▶ **Action item**
Without pictures, retype the following entries exactly.

Saved data entries
== Segment start ==

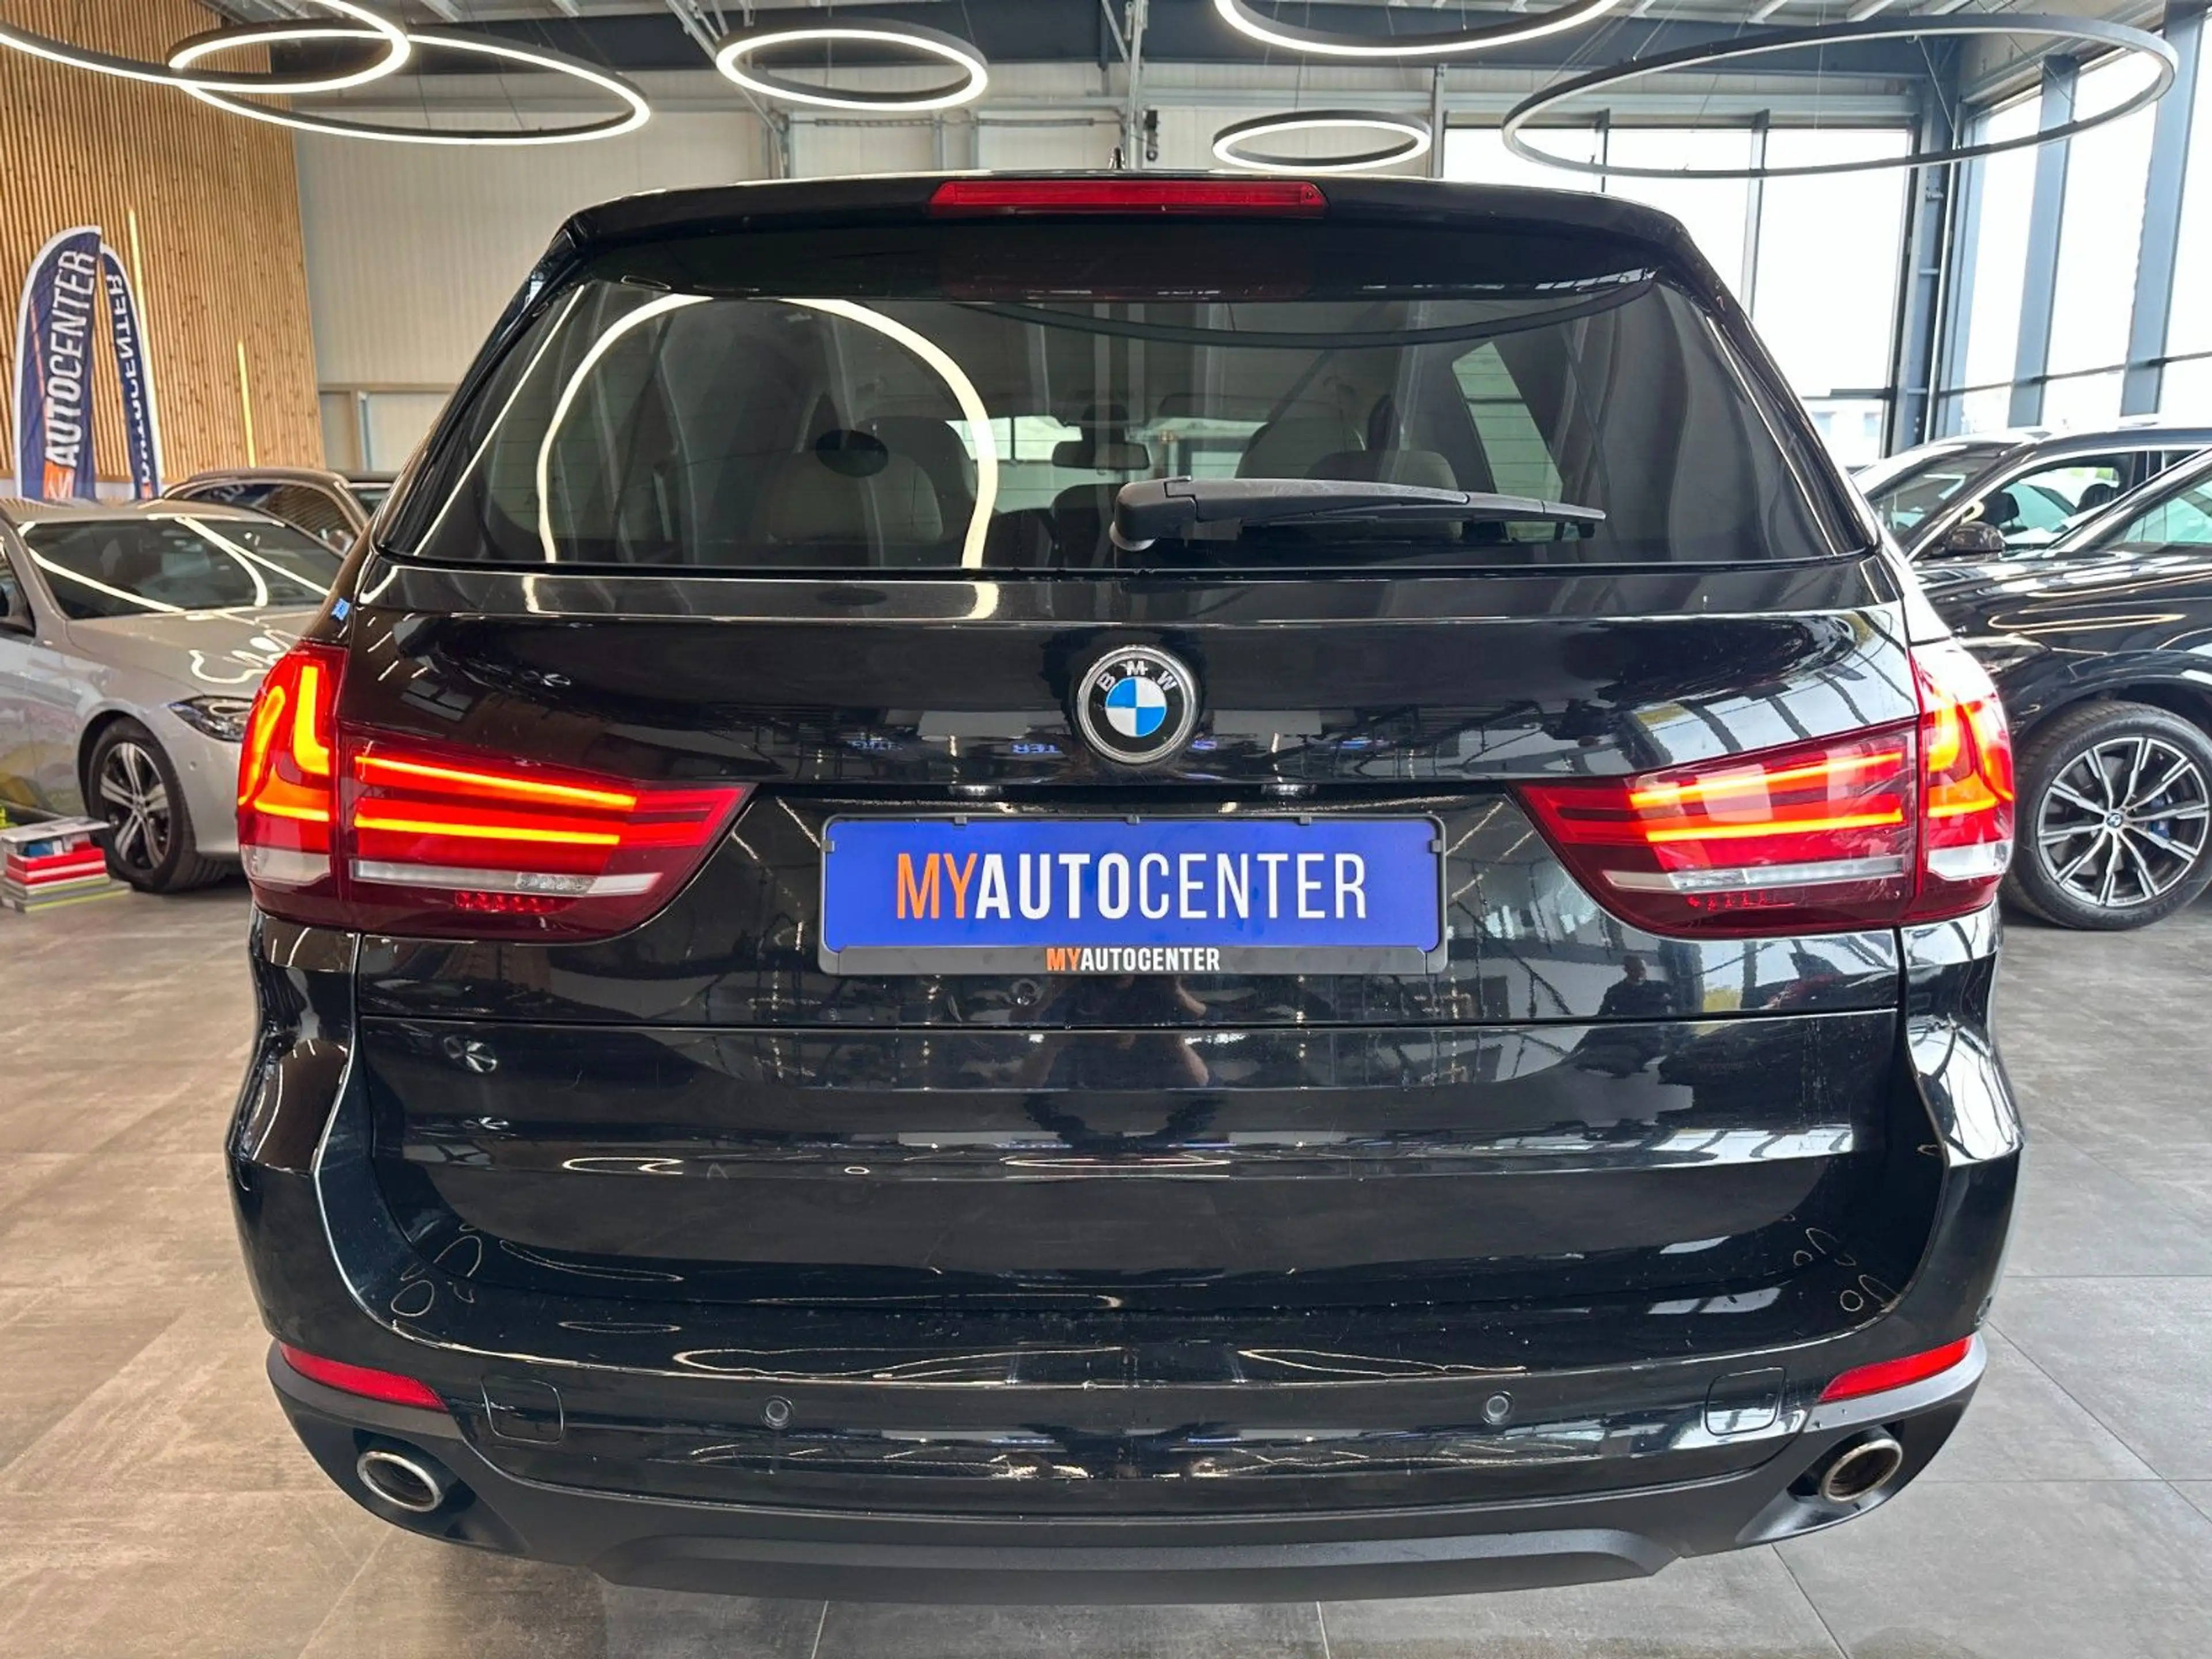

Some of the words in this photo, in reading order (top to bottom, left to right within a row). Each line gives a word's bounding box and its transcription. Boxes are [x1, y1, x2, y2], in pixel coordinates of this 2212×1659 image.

[1096, 661, 1177, 692] BMW
[897, 853, 1366, 919] MYAUTOCENTER
[1046, 947, 1220, 971] MYAUTOCENTER
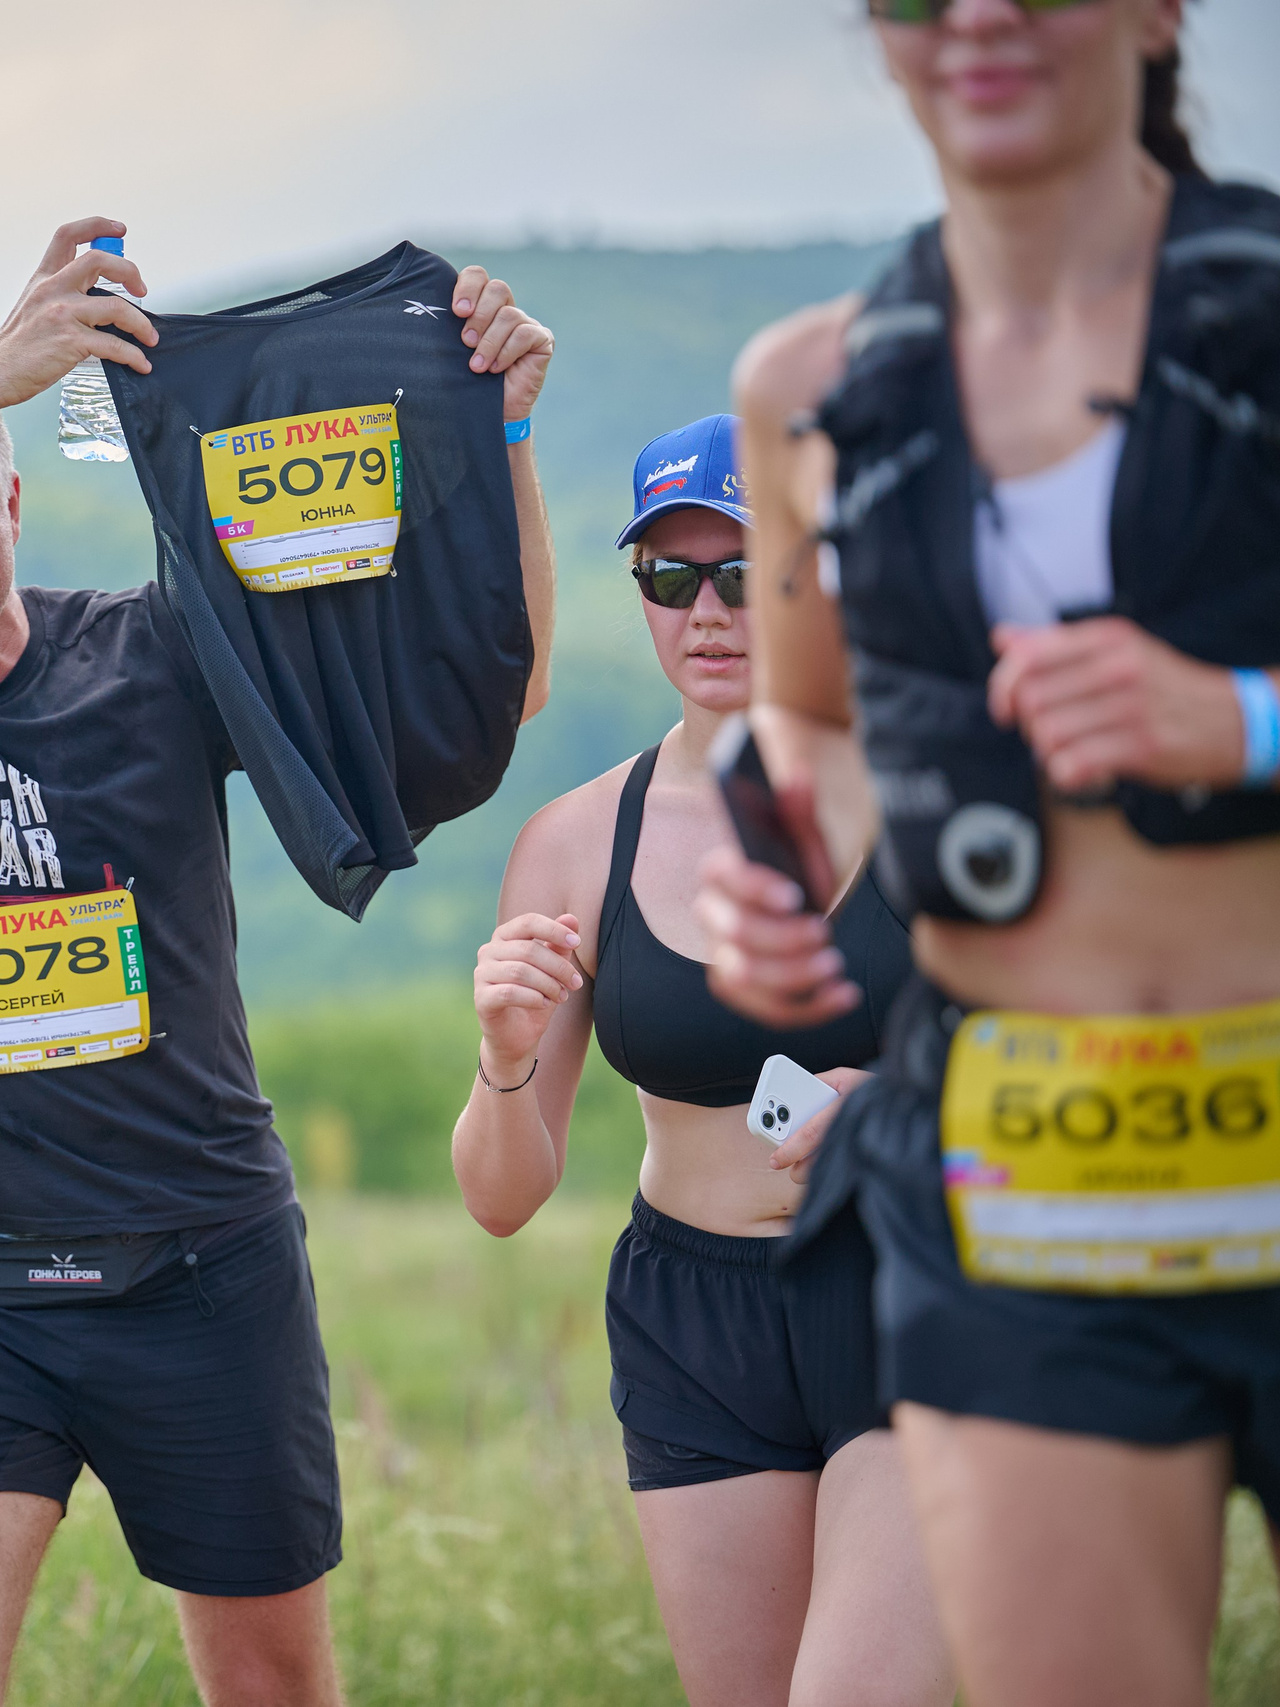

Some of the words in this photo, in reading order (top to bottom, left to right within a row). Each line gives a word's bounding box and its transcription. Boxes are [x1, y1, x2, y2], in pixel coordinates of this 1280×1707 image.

[232, 430, 275, 455] ВТБ
[285, 417, 359, 446] ЛУКА
[359, 413, 391, 425] УЛЬТРА
[238, 447, 386, 504] 5079
[392, 443, 401, 507] ТРЕЙЛ
[300, 504, 356, 522] ЮННА
[69, 899, 122, 916] УЛЬТРА
[123, 928, 142, 991] ТРЕЙЛ
[989, 1075, 1268, 1146] 5036
[28, 1269, 62, 1279] ГОНКА
[64, 1269, 102, 1280] ГЕРОЕВ
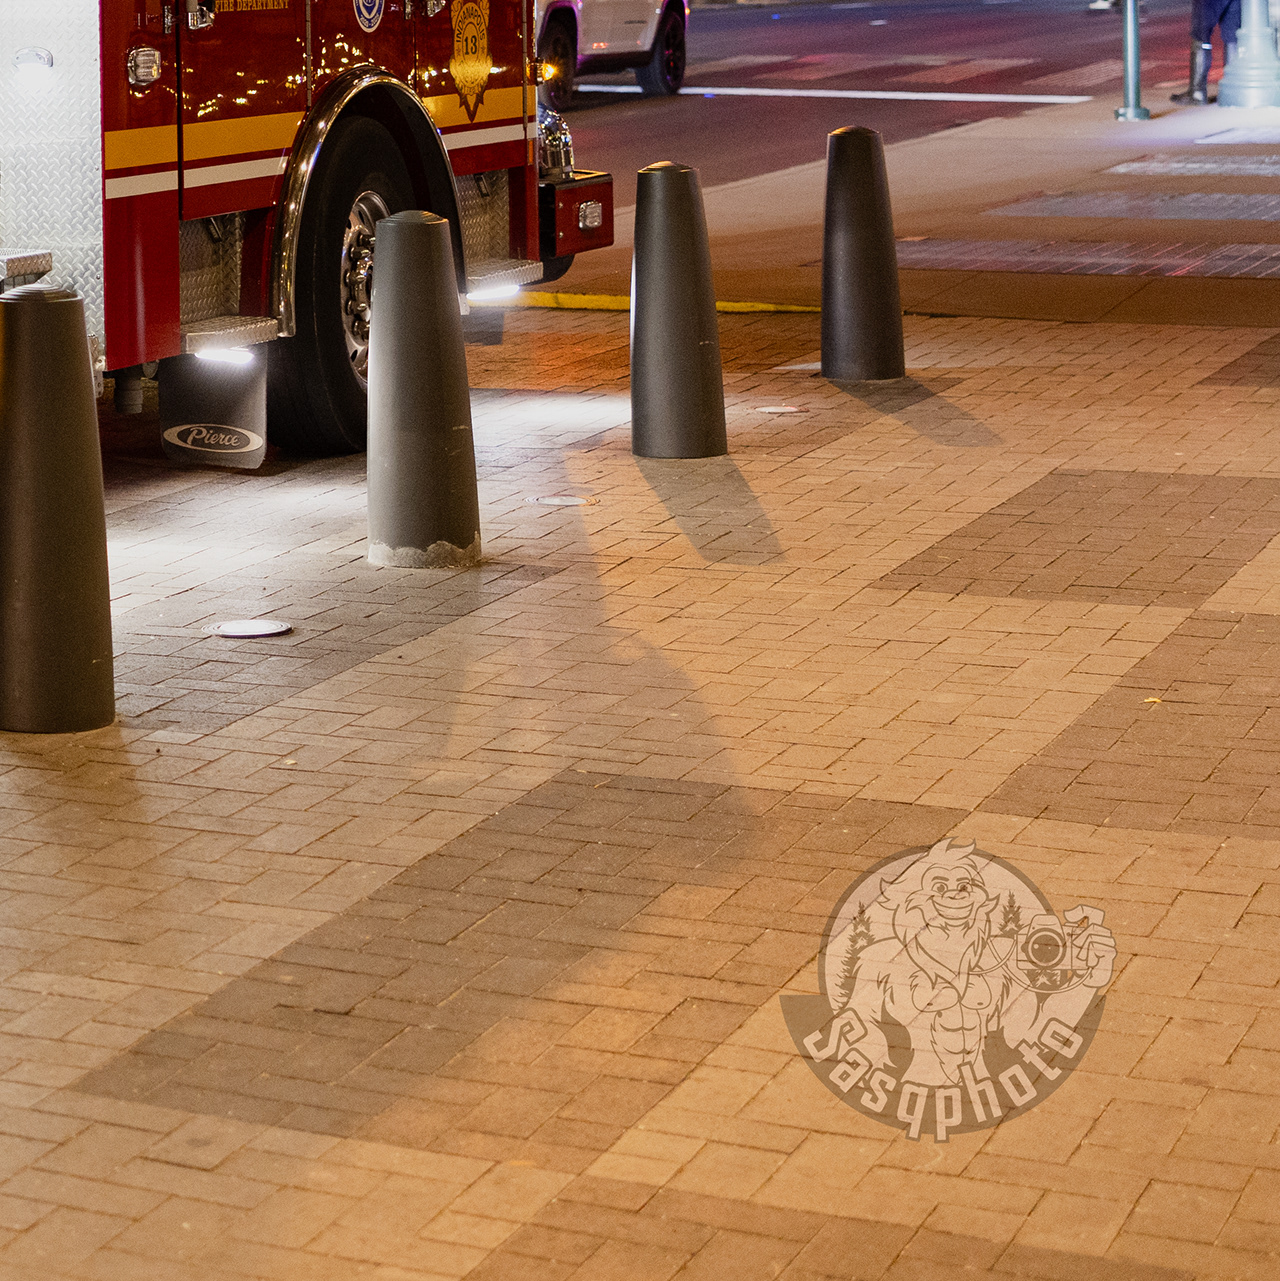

== Segment end ==

▶ **Result below**
Some of the words in this photo, in reading order (top to bottom, left to right within a row). Each line gives a word's bounding box and its transcription. Boxes are [x1, y1, x2, y2], in pixel coordinates of this 2212×1659 image.

[1096, 661, 1177, 692] BMW
[897, 853, 1366, 919] MYAUTOCENTER
[1046, 947, 1220, 971] MYAUTOCENTER

Some of the words in this photo, in reading order (top to bottom, left to right within a row). Each line gives a word's bounding box and its transcription. Boxes are [x1, y1, x2, y2], in pixel coordinates of this 1280×1707 image.

[232, 430, 275, 455] ВТБ
[285, 417, 359, 446] ЛУКА
[359, 413, 391, 425] УЛЬТРА
[238, 447, 386, 504] 5079
[392, 443, 401, 507] ТРЕЙЛ
[300, 504, 356, 522] ЮННА
[69, 899, 122, 916] УЛЬТРА
[123, 928, 142, 991] ТРЕЙЛ
[989, 1075, 1268, 1146] 5036
[28, 1269, 62, 1279] ГОНКА
[64, 1269, 102, 1280] ГЕРОЕВ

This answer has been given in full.